Copy out the entries that follow exactly, leaving every picture behind.

=== Data under study ===

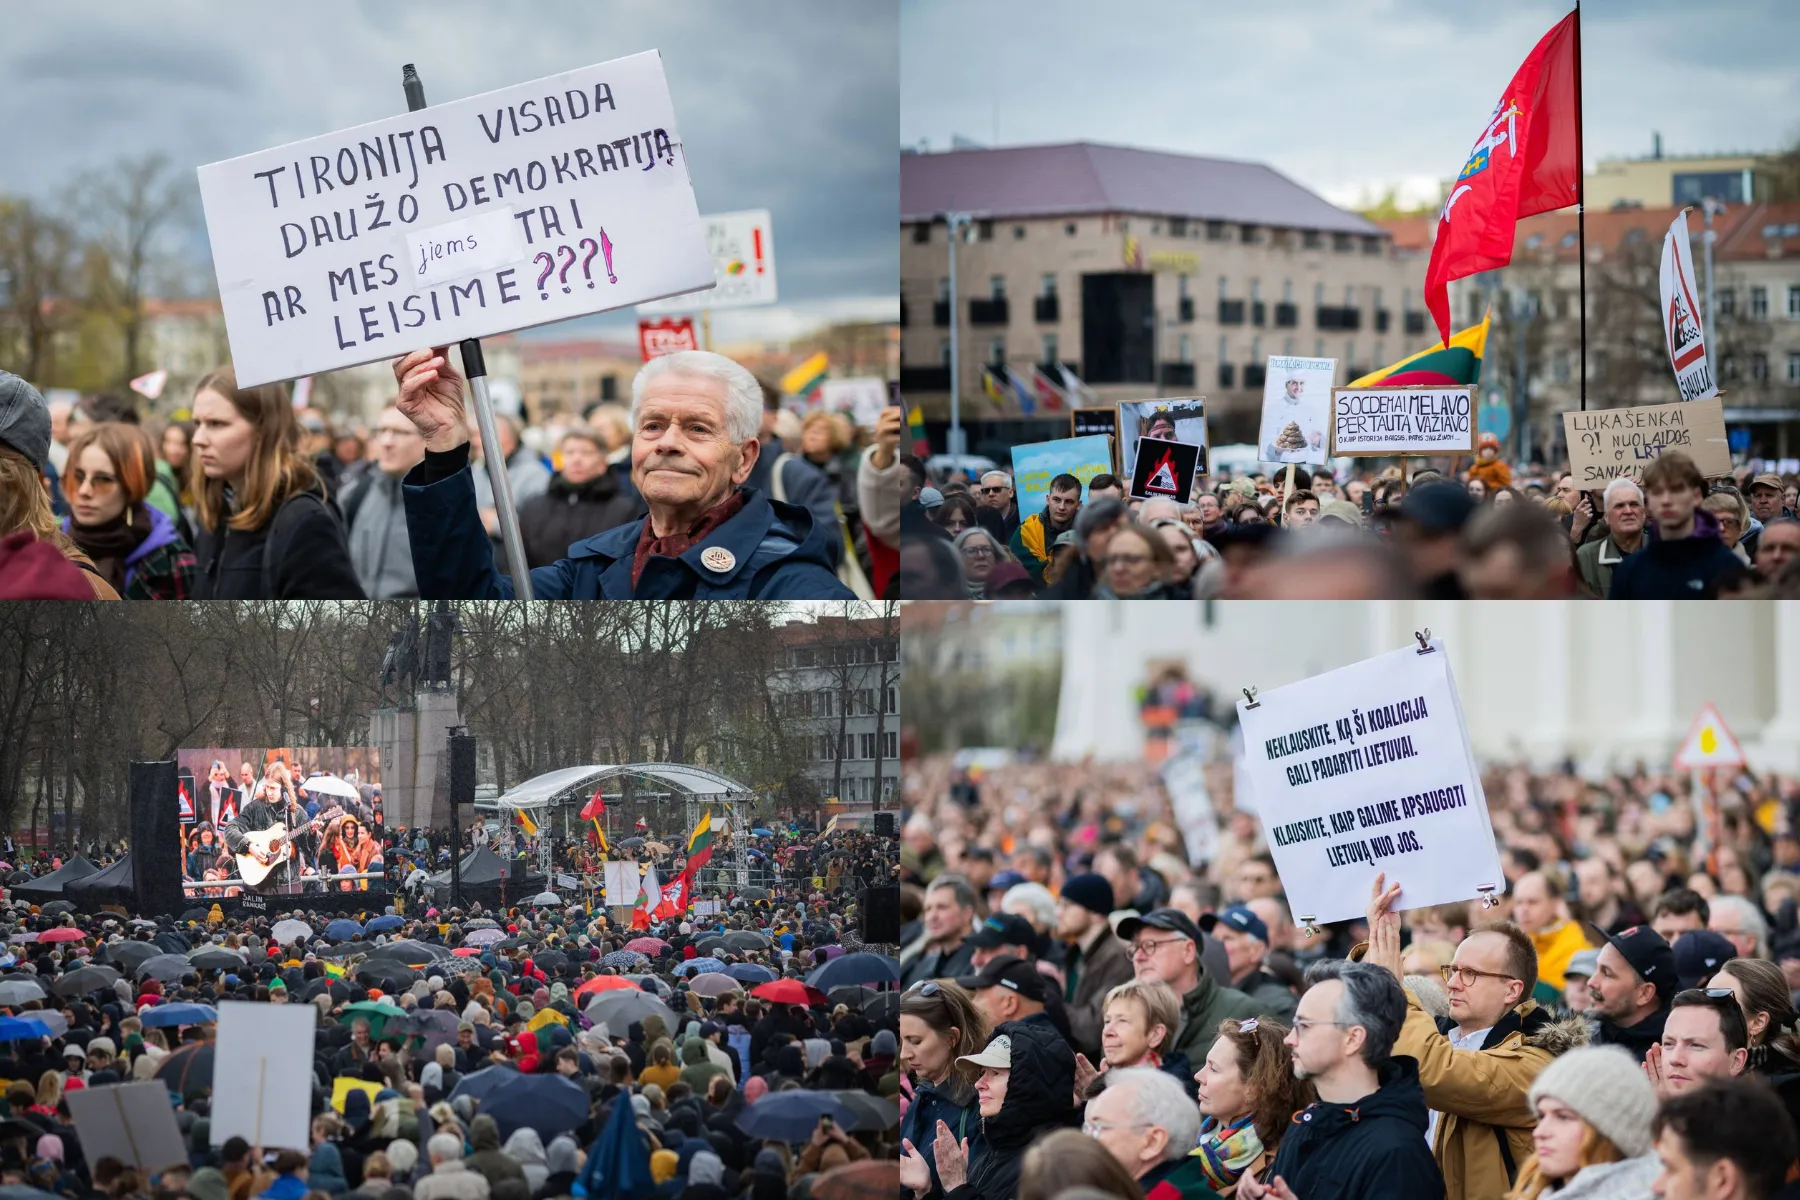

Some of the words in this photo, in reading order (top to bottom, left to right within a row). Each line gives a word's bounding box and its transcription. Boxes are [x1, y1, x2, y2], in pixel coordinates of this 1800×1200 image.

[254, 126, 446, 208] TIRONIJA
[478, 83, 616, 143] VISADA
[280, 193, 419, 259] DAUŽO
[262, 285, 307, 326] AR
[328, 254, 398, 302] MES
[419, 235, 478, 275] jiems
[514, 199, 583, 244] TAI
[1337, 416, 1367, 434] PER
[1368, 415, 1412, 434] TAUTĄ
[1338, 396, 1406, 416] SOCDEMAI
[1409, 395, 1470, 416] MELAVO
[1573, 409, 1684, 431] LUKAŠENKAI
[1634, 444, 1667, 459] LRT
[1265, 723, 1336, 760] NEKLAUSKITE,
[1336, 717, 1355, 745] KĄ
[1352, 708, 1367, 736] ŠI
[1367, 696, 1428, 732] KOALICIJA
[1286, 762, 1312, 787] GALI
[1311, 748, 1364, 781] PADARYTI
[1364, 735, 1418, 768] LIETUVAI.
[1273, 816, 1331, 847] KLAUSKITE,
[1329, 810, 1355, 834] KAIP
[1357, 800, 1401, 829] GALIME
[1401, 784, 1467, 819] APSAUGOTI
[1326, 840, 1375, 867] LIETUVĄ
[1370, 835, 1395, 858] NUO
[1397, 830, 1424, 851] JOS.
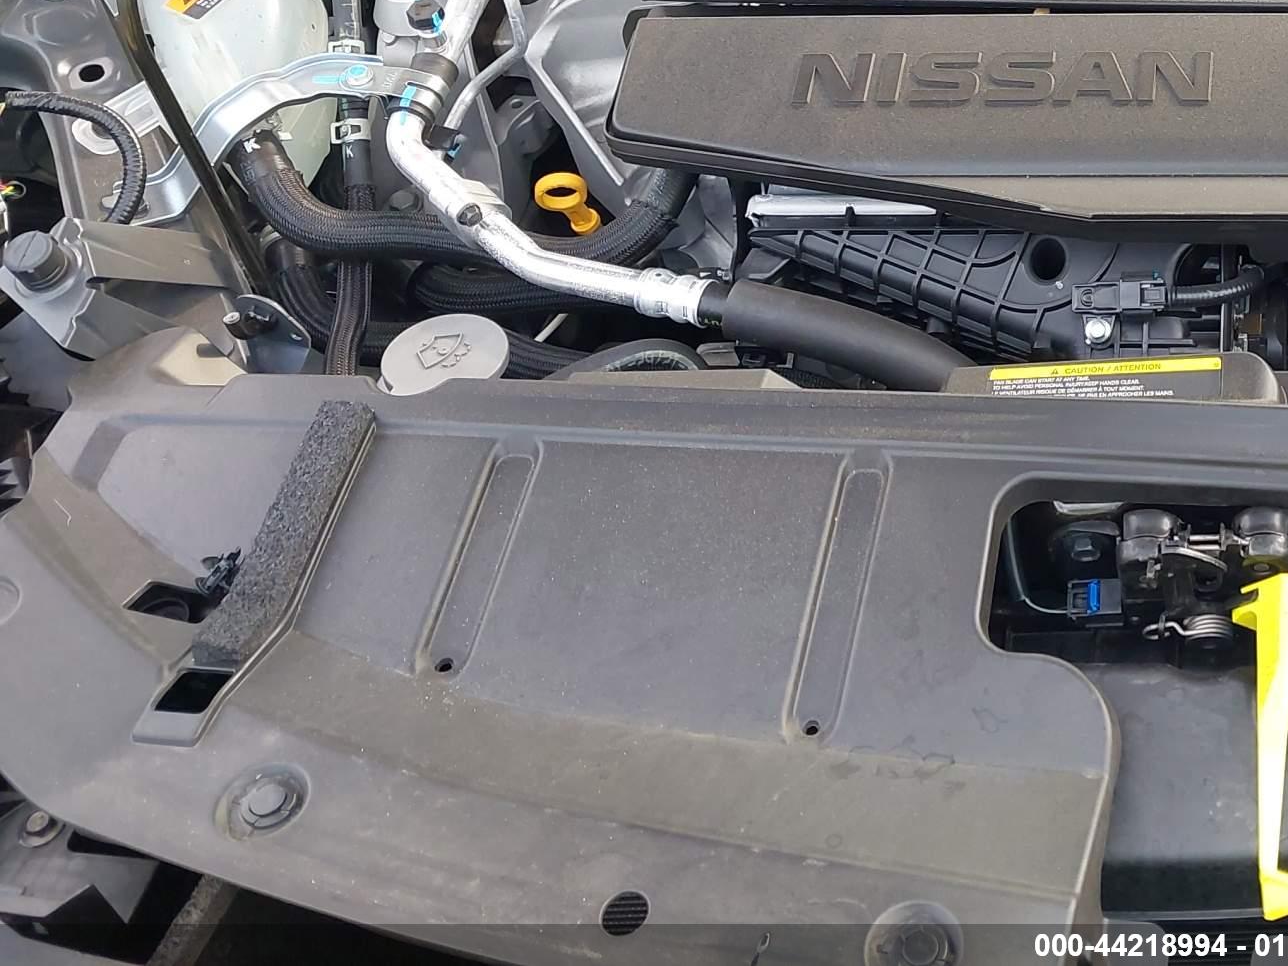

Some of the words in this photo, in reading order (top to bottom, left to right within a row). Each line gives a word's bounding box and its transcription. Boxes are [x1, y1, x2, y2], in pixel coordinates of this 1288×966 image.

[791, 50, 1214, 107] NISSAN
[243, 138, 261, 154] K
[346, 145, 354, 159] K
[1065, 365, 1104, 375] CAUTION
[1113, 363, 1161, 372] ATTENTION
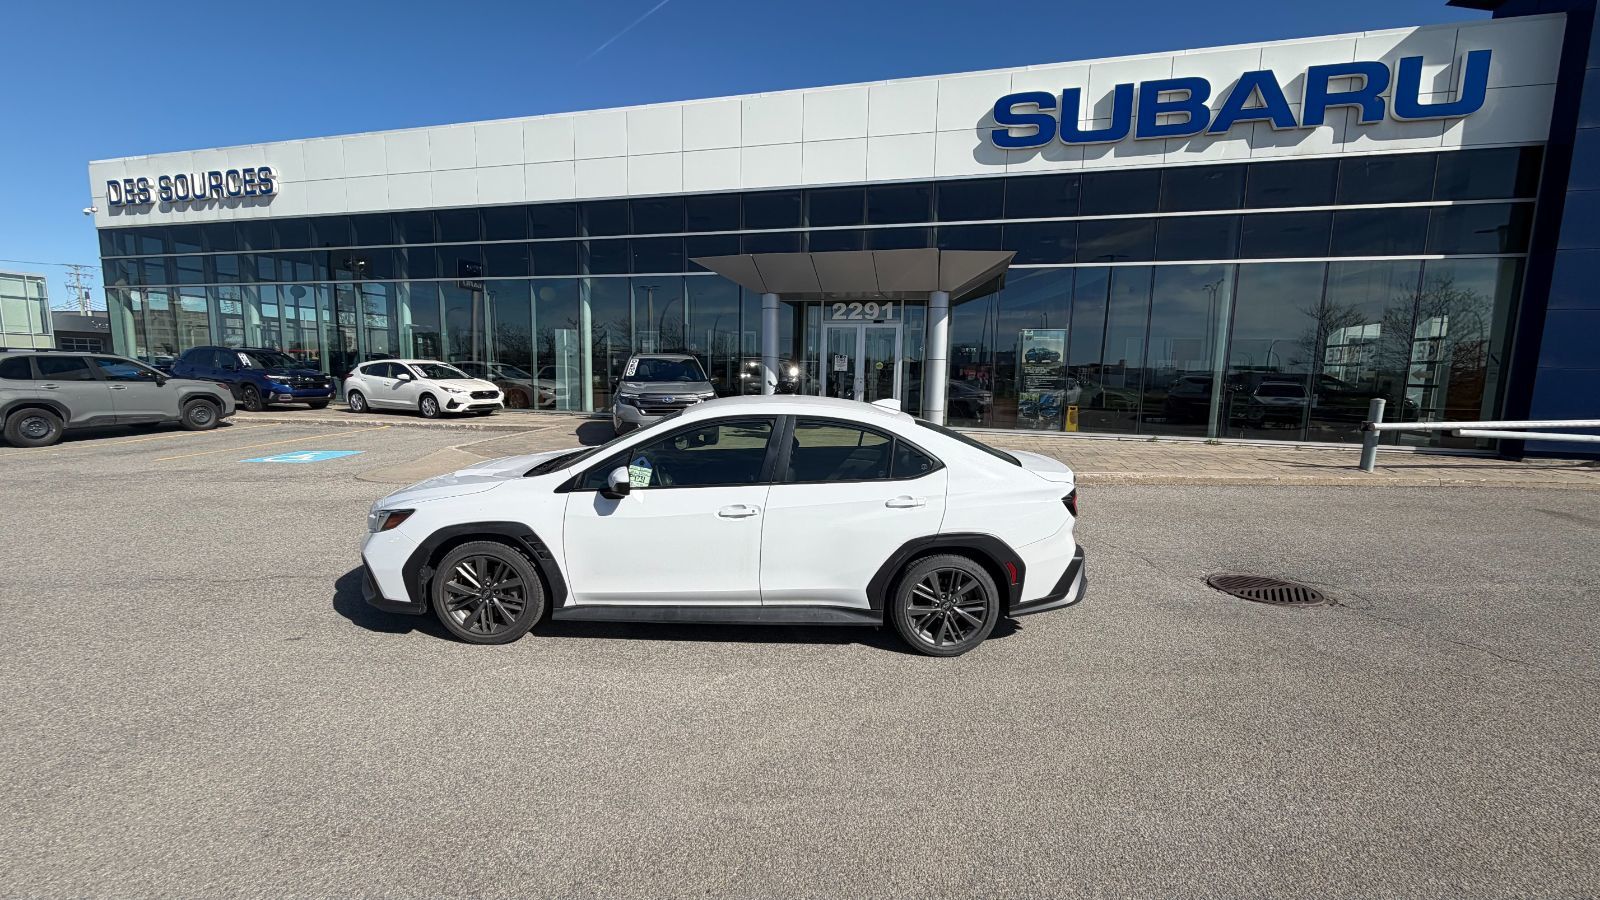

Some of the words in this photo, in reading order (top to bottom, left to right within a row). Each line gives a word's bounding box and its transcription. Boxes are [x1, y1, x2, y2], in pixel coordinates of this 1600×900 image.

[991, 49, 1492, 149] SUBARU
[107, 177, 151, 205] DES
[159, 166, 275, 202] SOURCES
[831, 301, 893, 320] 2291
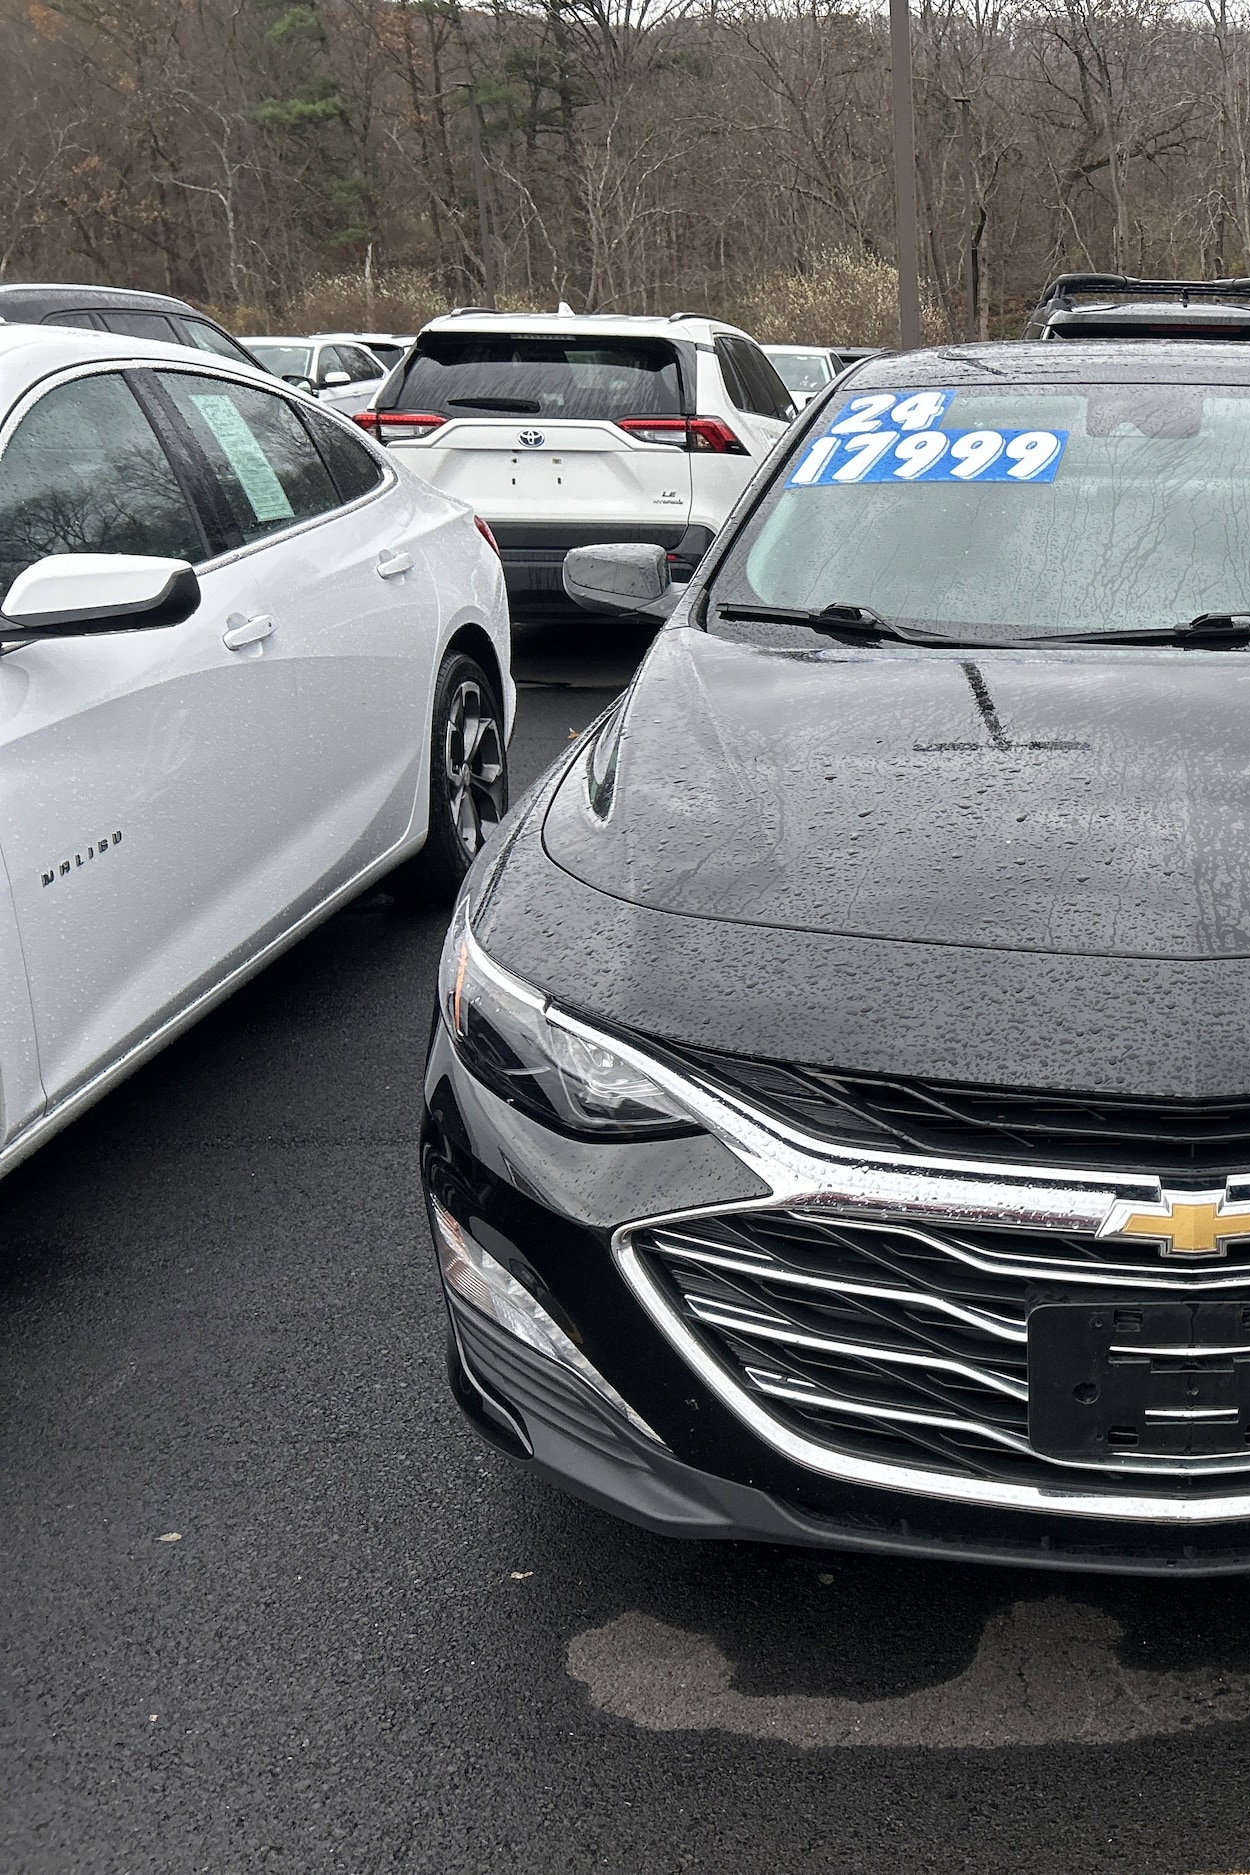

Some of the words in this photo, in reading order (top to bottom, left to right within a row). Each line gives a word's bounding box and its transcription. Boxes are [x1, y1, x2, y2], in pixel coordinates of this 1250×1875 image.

===

# Exercise result
Some of the words in this photo, in reading order (top to bottom, left to right within a row). Each line gives a word's bounding box and its transcription. Boxes are [x1, y1, x2, y2], in pixel coordinates of this 1800×1200 image.

[254, 126, 446, 208] TIRONIJA
[478, 83, 616, 143] VISADA
[280, 193, 419, 259] DAUŽO
[262, 285, 307, 326] AR
[328, 254, 398, 302] MES
[419, 235, 478, 275] jiems
[514, 199, 583, 244] TAI
[1337, 416, 1367, 434] PER
[1368, 415, 1412, 434] TAUTĄ
[1338, 396, 1406, 416] SOCDEMAI
[1409, 395, 1470, 416] MELAVO
[1573, 409, 1684, 431] LUKAŠENKAI
[1634, 444, 1667, 459] LRT
[1265, 723, 1336, 760] NEKLAUSKITE,
[1336, 717, 1355, 745] KĄ
[1352, 708, 1367, 736] ŠI
[1367, 696, 1428, 732] KOALICIJA
[1286, 762, 1312, 787] GALI
[1311, 748, 1364, 781] PADARYTI
[1364, 735, 1418, 768] LIETUVAI.
[1273, 816, 1331, 847] KLAUSKITE,
[1329, 810, 1355, 834] KAIP
[1357, 800, 1401, 829] GALIME
[1401, 784, 1467, 819] APSAUGOTI
[1326, 840, 1375, 867] LIETUVĄ
[1370, 835, 1395, 858] NUO
[1397, 830, 1424, 851] JOS.

Some of the words in this photo, in reading order (top to bottom, left to right within a row). Each line gives a word's bounding box and its transcription. Boxes are [x1, y1, x2, y2], in pixel coordinates of this 1288×966 image.

[791, 50, 1214, 107] NISSAN
[243, 138, 261, 154] K
[346, 145, 354, 159] K
[1065, 365, 1104, 375] CAUTION
[1113, 363, 1161, 372] ATTENTION

Some of the words in this photo, in reading order (top to bottom, left to right within a row). Each line gives a word's bounding box and its transcription. Boxes are [x1, y1, x2, y2], in pixel coordinates of this 1600×900 image.

[991, 49, 1492, 149] SUBARU
[107, 177, 151, 205] DES
[159, 166, 275, 202] SOURCES
[831, 301, 893, 320] 2291

Some of the words in this photo, in reading order (top to bottom, left to right within a row). Each line gives a word's bounding box and its transcription. Boxes are [x1, y1, x2, y2], in pixel coordinates of this 1250×1875 image.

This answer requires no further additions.